52

180 10 0
                                        

"dok bagaimana keadaan Laura dok?

Dokter itu menundukkan kepalanya membuat semua orang menahan nafasnya.

"Maafkan saya Bu, kami sudah berusaha semaksimal mungkin, tapi tuhan berkehendak lain, saya mengucapkan turut berdukacita, semoga keluarga mendapat kesabaran serta ketabahan, saya pamit".

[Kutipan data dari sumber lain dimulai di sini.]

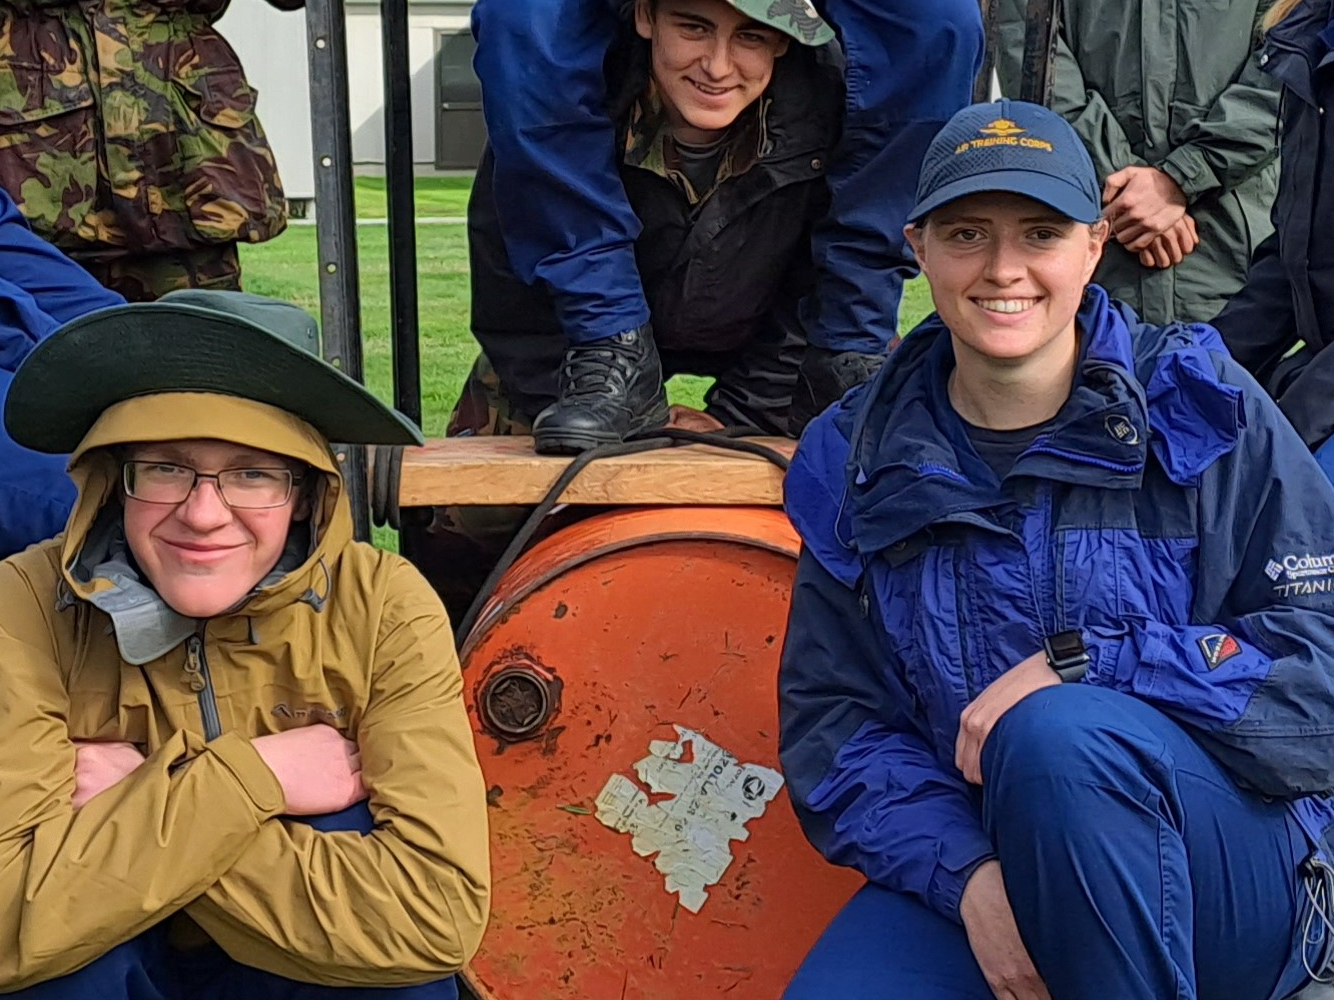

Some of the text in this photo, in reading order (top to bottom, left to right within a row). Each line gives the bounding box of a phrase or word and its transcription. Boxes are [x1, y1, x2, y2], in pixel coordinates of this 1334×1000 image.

[955, 136, 1053, 155] AIR TRAINING CORPS

Seluruh orang menangis histeris, Rina dan Rendi berlari menuju ruangan itu, ia melihat seluruh suster sedang melepaskan alat medis di tubuh Laura.

Rina menahan nafasnya. "Pah Laura baik-baik aja kan? Laura hanya tidur kan? Pah jawab pah!!" Rina memukul dada Rendi tak terima, Rendi hanya terdiam sambil menatap anak perempuan satu-satunya itu. Sedangkan Rey terdiam menatap wajah tenang Laura.

Rey mengambil kursi lalu duduk di kursi, Rey mengambil satu tangan Laura. "Ra Lo tau ketika Lo lahir gue ngga senang, karena Lo itu perempuan, gue sebenernya pengen adek cowo, gue pernah berniat untuk membenci Lo, tapi rasa benci itu sebaliknya menjadi rasa kasih sayang yg amat besar buat Lo, gue rela kasih apapun buat Lo, gue kasih barang yg gue sayang buat Lo, gue ngga akan larang Lo lagi, gue ngga akan buat peraturan lagi, gue akan buat kebebasan buat Lo, tapi ada syaratnya, satu syaratnya, Lo harus bangun Ra. LO HARUS BANGUN RA!!!"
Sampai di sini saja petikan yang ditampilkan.